A survey of free HTML rendering toolkits for Java.
Parse and render HTML documents in Java
HTML is everywhere; not just on the Web, but also as a styled-text and hyperlinking standard for help systems, online stores, email, and many other applications. And for these many needs, there are many Java-based HTML rendering toolkits. Part 1 of Joshua Marinacci's two-part series looks at the free offerings in the HTML rendering space.
The last ten years of software development have seen the rise of
the Internet and open standards, most prominently HTML. To most
non-technical people, web pages (just HTML over a TCP/IP connection)
are The Internet. And now HTML is so pervasive, its usefulness
outweighing its flaws, that we find it in many applications that aren't
strictly web browsers. Chat programs, help files, and even a certain online music store are all built on top of the flexibility and ubiquity of HTML.
There's just one problem with HTML, though.
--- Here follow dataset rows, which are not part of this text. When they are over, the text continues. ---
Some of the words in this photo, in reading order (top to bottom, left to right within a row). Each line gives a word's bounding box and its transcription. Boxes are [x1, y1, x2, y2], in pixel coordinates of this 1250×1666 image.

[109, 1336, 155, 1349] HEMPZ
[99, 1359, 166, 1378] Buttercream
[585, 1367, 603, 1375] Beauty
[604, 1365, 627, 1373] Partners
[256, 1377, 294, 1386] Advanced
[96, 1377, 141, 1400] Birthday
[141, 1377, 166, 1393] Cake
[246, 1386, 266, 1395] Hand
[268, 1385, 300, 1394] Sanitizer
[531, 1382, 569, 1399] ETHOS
To display it, you need some
kind of web browser, usually a component that actually renders the HTML on
screen. For Java developers, a good HTML renderer can be hard to come
by. The built-in viewer, the Swing HTMLEditorKit, is quite lacking, and there
aren't many alternatives. However, the situation isn't as bleak as you
might think; there are other renderers out there, we just have to look
harder. In this article, we will review 11 different HTML renderers,
comparing their features, compliance, and speed; searching for the best one for any project. Part one will consider free (as in either "speech" or "beer") products, while part two will consider
licensed commercial offerings.
What Features Are We Looking For?
When deciding how to rate each renderer, we should consider why we need one. What do we need to do with it? HTML is essentially styled text and images, loaded over a network, with hyperlinks. Java, often called the networked programming language, works with all sorts of network components, including URLs, quite easily. So the key point we are lacking is styled text. HTML (and by HTML I mean HTML, XHTML, and CSS 1/2) has become the standard for styled text. And it's everywhere.
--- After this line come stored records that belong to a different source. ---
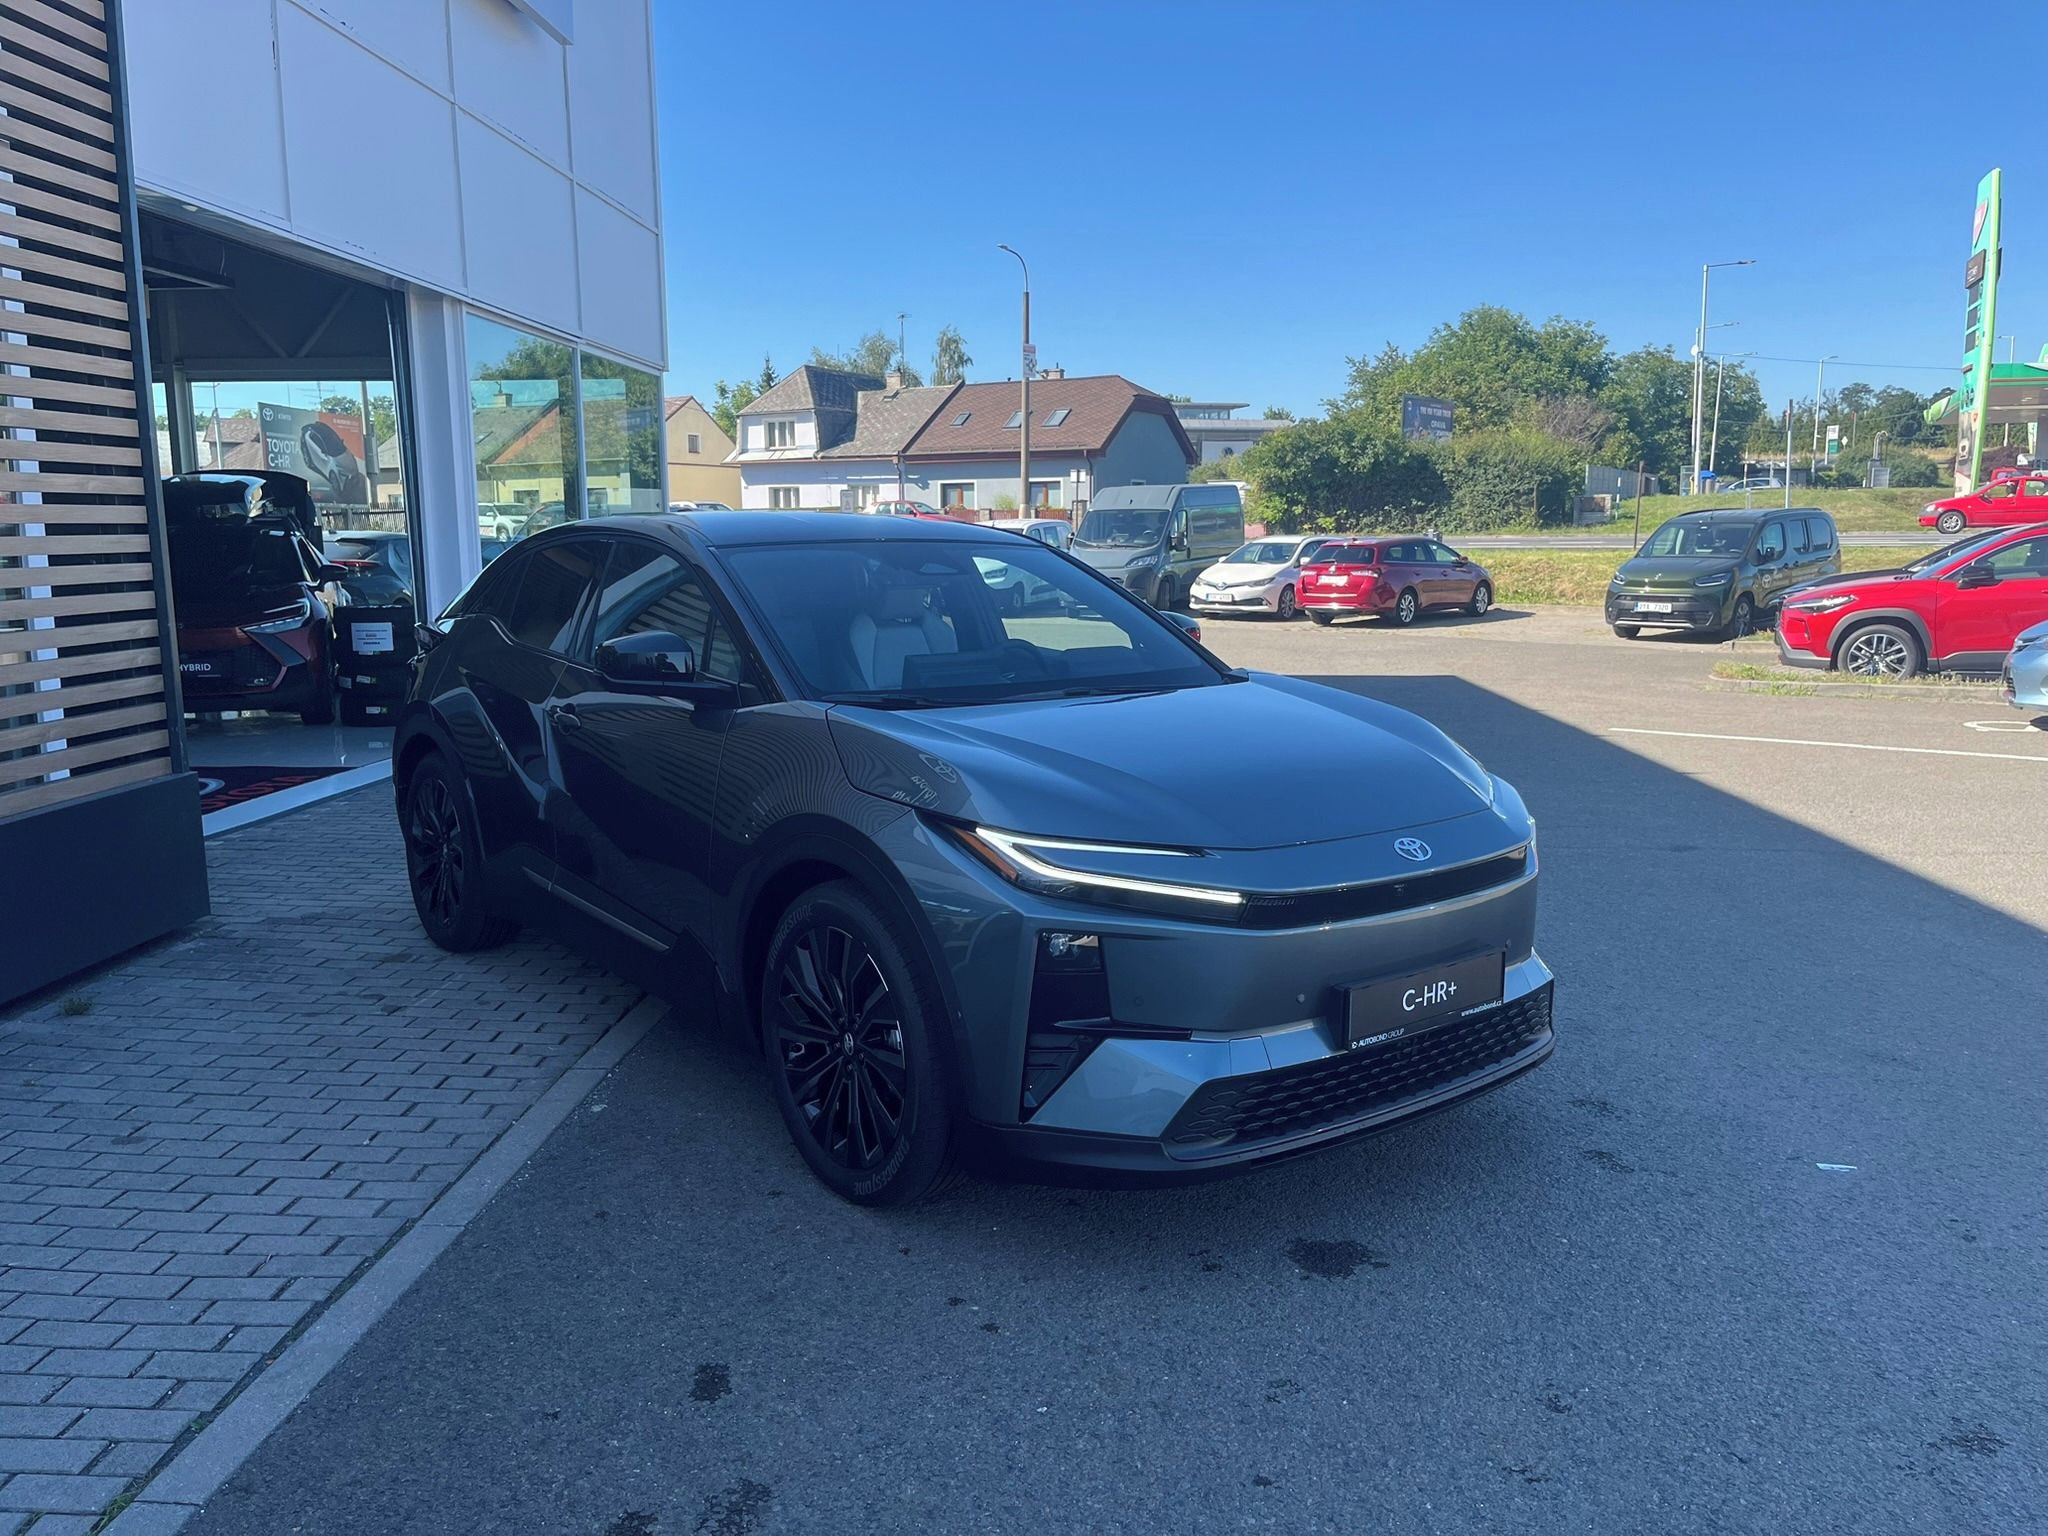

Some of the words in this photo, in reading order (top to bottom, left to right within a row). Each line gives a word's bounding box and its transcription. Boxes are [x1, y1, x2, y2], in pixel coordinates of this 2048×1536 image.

[266, 438, 301, 456] TOYOTA
[268, 454, 292, 469] C-HR
[1402, 980, 1457, 1011] C-HR+
[1461, 1000, 1502, 1017] www.autobond.cz
[1358, 1031, 1388, 1048] AUTOBOND
[1387, 1027, 1405, 1040] GROUP
As processor speed and display quality have increased during the last
ten years, more and more applications have some form of styled text in them,
either for editing or display. A quick look through my Start menu turns up
the following: Outlook (HTML email and the "Outlook Today" screen), Media
Player (advertising and shortcuts), iTunes (the music store), File Explorer
(the stylized sidebar), Trillian chat (for message display), the Address
Book, Microsoft Office (Word, Excel, and PowerPoint), and the Palm Desktop. This
list doesn't even include the styled wizard text and help files for
virtually every application on my computer. These are all programs that
don't really have anything to do with HTML. If we count programs that in
some way edit or produce HTML, then I've got my editor, jEdit, Photoshop,
Flash, and iPhoto. The common thread between all of these is that they have
styled text that could be (and often is) HTML.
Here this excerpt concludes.